Liquidity Management


    The main principles of liquidity management


    The main purpose of liquidity management is to steer short-term money market interest rates to attain price stability. Specifically, changes in short-term rates are transmitted to longer-term interest rates and ultimately influence aggregate demand and price levels.


    An accurate liquidity forecast is necessary to reach the desired short-term interest rate on the interbank money market. Based on the forecast, the NBG supplies the liquidity to the market via refinancing operations, ensuring that the interest rates are close to the monetary policy rate. If the interbank interest rate is above the monetary policy (refinancing) rate, the NBG increases liquidity supply to the market until the interbank interest rate and the refinancing rate are equalized. When money market rates are below the desired level, the NBG reduces the supply of liquidity through refinancing operations. 


    The National Bank of Georgia conducts refinancing operations by means of one-week refinancing loans to affect the liquidity position of banks. The refinancing operations are conducted through auctions held once a week. The loan portfolios of commercial banks, guarantees of international organizations and/or CD’s or government securities can be used as collateral. However, only loans denominated in the national currency are eligible as collateral. The auction volume is announced one day in advance based on the liquidity forecast.

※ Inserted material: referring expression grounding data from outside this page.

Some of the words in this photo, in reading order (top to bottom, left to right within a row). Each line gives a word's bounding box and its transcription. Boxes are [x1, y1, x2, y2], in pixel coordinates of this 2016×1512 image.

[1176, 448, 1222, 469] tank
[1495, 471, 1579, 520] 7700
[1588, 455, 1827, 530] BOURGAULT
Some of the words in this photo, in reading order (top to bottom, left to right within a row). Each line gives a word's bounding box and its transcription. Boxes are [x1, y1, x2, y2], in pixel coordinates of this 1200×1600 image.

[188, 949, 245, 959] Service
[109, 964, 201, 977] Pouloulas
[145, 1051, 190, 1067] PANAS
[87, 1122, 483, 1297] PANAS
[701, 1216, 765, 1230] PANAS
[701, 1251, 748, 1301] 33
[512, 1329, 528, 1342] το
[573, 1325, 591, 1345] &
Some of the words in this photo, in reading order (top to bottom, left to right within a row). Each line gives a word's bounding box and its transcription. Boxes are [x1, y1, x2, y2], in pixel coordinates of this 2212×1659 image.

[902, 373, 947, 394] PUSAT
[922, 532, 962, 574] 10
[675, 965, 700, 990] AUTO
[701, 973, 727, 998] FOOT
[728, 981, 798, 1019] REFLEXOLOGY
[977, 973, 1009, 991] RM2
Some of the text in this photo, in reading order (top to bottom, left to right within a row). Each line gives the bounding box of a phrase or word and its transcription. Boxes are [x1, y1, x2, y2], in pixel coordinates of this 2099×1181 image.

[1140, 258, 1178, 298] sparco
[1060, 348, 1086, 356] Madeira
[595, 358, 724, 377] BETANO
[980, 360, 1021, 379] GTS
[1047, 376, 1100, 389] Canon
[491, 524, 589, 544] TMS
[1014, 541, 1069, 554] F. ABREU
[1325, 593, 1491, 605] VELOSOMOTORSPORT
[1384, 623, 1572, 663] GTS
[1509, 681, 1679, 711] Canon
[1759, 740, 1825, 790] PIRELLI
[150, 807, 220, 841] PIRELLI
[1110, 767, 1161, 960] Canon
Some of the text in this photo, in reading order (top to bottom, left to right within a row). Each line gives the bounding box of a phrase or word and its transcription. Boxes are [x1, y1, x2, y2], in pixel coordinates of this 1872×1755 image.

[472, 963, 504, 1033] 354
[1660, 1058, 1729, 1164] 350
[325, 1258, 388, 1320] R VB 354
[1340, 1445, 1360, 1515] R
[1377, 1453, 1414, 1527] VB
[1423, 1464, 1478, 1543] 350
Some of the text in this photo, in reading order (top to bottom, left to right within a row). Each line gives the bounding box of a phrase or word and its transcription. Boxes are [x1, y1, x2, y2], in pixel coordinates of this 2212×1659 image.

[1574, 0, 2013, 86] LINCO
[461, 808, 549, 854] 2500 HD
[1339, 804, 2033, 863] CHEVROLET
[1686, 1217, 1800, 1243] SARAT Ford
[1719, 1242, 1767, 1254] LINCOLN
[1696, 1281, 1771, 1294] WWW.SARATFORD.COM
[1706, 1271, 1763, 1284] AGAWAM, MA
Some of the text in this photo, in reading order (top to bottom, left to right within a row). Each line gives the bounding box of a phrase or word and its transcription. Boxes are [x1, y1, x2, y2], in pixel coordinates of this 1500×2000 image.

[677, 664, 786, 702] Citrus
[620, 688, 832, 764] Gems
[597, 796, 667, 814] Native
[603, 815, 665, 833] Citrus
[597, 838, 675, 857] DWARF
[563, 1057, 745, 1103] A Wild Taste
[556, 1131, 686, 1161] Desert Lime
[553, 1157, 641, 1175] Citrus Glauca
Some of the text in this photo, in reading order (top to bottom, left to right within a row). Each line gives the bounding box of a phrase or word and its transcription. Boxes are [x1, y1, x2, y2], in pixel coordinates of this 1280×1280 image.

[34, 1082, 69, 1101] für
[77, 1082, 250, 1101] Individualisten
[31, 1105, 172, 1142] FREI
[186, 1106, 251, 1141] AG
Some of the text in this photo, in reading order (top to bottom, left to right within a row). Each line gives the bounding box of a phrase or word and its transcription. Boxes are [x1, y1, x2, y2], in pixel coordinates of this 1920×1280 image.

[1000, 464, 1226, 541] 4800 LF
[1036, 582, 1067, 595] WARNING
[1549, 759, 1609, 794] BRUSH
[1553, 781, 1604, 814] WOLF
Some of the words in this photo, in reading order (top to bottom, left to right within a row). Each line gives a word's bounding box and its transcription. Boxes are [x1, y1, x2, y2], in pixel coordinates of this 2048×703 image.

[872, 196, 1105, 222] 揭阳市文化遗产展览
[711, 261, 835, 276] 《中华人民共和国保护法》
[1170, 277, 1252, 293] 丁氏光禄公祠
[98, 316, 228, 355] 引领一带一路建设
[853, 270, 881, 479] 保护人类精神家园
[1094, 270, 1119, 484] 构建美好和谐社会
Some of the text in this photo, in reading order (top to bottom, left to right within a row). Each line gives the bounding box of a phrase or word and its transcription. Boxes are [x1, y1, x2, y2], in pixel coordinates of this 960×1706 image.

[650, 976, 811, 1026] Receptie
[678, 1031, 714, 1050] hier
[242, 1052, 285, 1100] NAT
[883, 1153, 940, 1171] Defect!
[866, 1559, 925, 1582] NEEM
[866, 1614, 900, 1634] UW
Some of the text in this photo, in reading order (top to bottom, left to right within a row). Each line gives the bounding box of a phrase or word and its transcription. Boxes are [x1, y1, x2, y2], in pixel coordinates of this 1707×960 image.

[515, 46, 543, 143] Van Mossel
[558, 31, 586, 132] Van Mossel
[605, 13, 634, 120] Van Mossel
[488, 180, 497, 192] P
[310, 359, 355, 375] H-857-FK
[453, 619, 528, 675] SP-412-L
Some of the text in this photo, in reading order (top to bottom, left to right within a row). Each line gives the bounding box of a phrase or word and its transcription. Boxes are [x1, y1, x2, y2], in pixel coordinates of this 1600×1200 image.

    The Monetary Policy Committee sets the minimum interest rate for the auction. This rate represents the operational target and where the interbank market rate should be. 


    The NBG uses the TIBR1 and TIBR7 indices as representative statistics for the money market rate. TIBR1 is the weighted average rate of interest on overnight interbank unsecured loans and TIBR7 is the weighted average rate of interest on interbank loans with up to one week maturity (excluding overnight loans). These two indicators reflect the conditions on the local money market as the maturities of most interbank loans are distributed between one and seven days. The NBG publishes the TIBR rates on its website on a daily basis at around 13:00.


    Liquidity Forecast


    For estimating the short-term liquidity shortage of the banking system, the National Bank of Georgia constructs a liquidity forecast. This forecast identifies the level of intervention necessary to reach the desired interest rate on the short-term interbank money market. By supplying liquidity and reducing excess liquidity, the National Bank of Georgia influences the liquidity position to avoid a temporary liquidity imbalance. The NBG uses one-week refinancing operations  to affect the liquidity position of banks. Decisions about refinancing are based on the liquidity forecasts.


    The liquidity forecast group is responsible for formulating the liquidity forecasts. The team consists of specialists from the macroeconomic research, monetary policy and monetary operations divisions. The Monetary Policy Committee sets general limits for the monetary forecast group (for instance, the maximum volume of refinancing operations and the preliminary dates for the auctions).


    The liquidity forecast group gathers the information on a regular basis and makes a weekly assessment of the liquidity. Decisions about the refinancing loans to be auctioned are made one day before the auctions and are delivered to banks. Depending on demand, the auctioned amount can be fully or partially allotted.